§ Entries shown
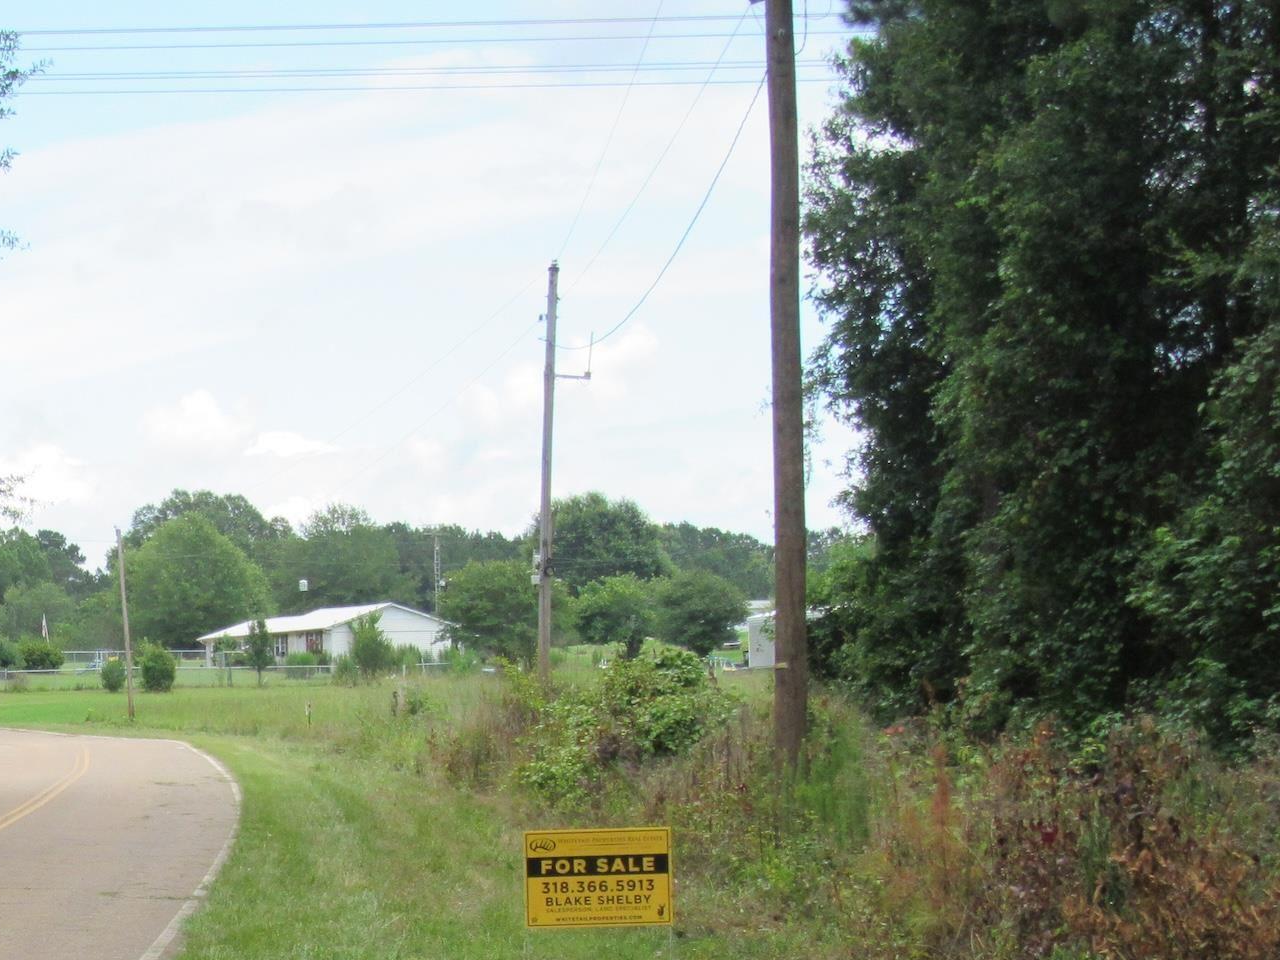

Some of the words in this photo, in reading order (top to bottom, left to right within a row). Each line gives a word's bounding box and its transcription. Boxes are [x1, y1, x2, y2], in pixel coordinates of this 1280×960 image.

[540, 858, 587, 875] FOR
[596, 857, 656, 873] SALE
[541, 879, 655, 894] 318.366.5913
[545, 896, 592, 907] BLAKE
[597, 894, 652, 905] SHELBY
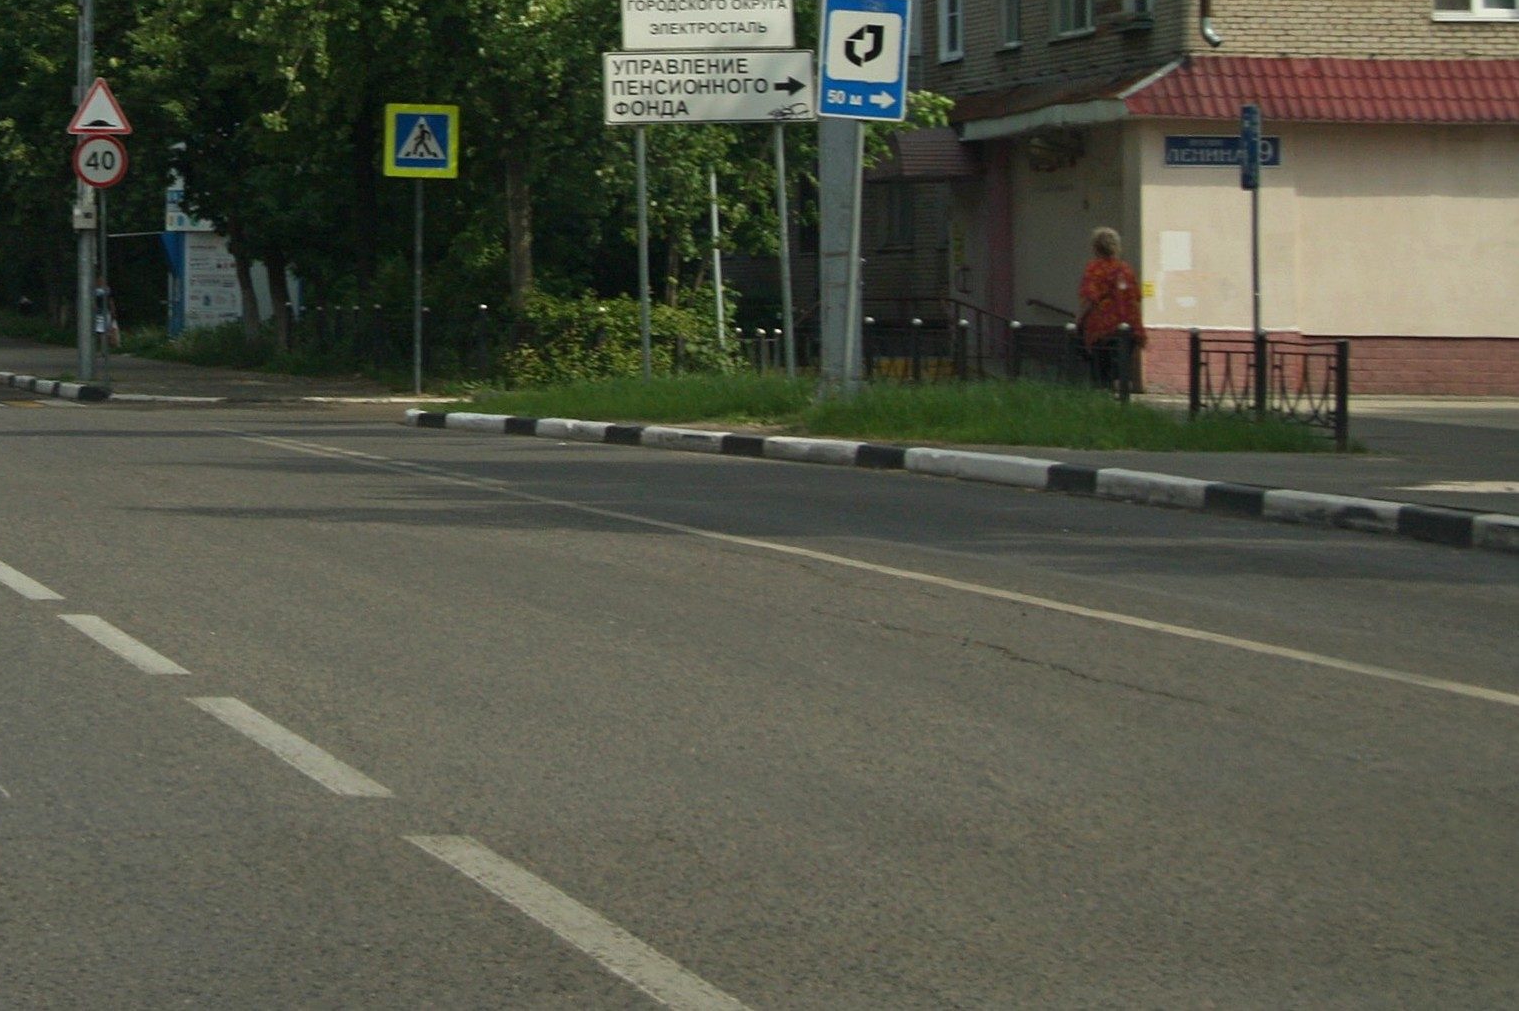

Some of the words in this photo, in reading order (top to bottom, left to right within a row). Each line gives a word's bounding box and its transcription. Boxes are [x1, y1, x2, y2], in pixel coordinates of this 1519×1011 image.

[627, 0, 726, 13] ГОРОДСКОГО
[649, 21, 767, 35] ЭЛЕКТРОСТАЛЬ
[612, 58, 749, 75] УПРАВЛЕНИЕ
[612, 78, 769, 96] ПЕНСИОННОГО
[827, 90, 846, 104] 50
[614, 100, 689, 118] ФОНДА
[85, 151, 115, 170] 40
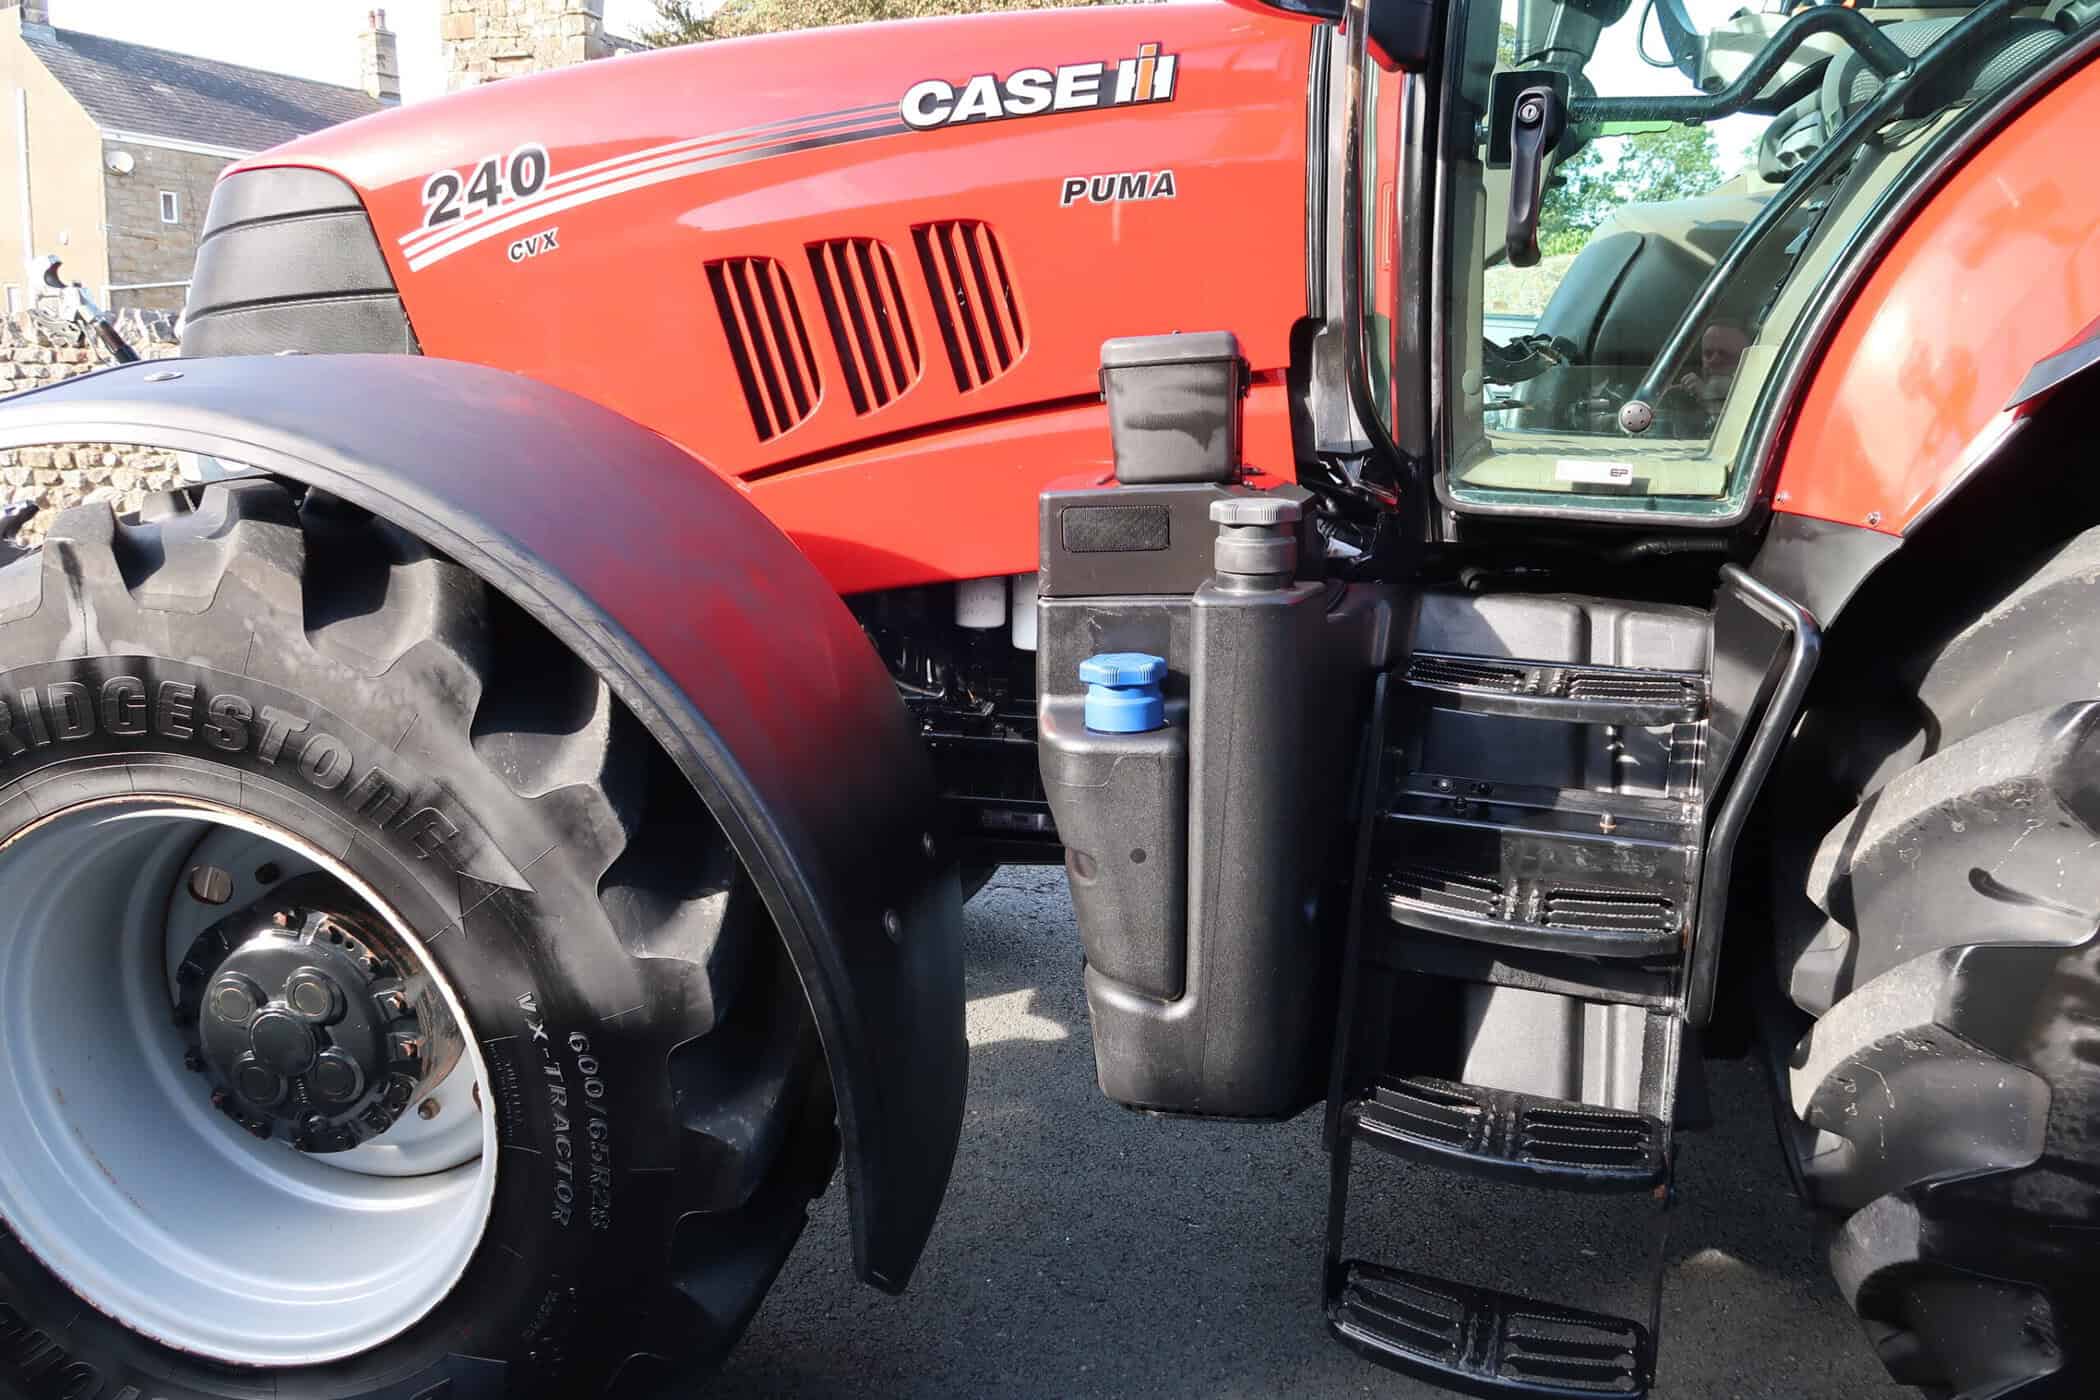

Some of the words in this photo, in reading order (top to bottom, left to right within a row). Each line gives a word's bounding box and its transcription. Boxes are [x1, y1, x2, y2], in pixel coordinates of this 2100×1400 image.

[901, 60, 1105, 129] CASE
[425, 144, 548, 228] 240
[1062, 171, 1176, 205] PUMA
[509, 229, 558, 261] CVX

§ Brief
The records above are to be restated word for word, with every picture left out.

§ Answer space
Some of the words in this photo, in reading order (top to bottom, left to right within a row). Each line gives a word's bounding box and its transcription. Boxes are [x1, y1, x2, y2], in pixel coordinates of this 1280×960 image.

[540, 858, 587, 875] FOR
[596, 857, 656, 873] SALE
[541, 879, 655, 894] 318.366.5913
[545, 896, 592, 907] BLAKE
[597, 894, 652, 905] SHELBY

Some of the words in this photo, in reading order (top to bottom, left to right within a row). Each line gives a word's bounding box and its transcription. Boxes are [x1, y1, x2, y2], in pixel coordinates of this 1519×1011 image.

[627, 0, 726, 13] ГОРОДСКОГО
[649, 21, 767, 35] ЭЛЕКТРОСТАЛЬ
[612, 58, 749, 75] УПРАВЛЕНИЕ
[612, 78, 769, 96] ПЕНСИОННОГО
[827, 90, 846, 104] 50
[614, 100, 689, 118] ФОНДА
[85, 151, 115, 170] 40

Some of the words in this photo, in reading order (top to bottom, left to right within a row). Each line gives a word's bounding box and its transcription. Boxes are [x1, y1, x2, y2], in pixel coordinates of this 2100×1400 image.

[901, 60, 1105, 129] CASE
[425, 144, 548, 228] 240
[1062, 171, 1176, 205] PUMA
[509, 229, 558, 261] CVX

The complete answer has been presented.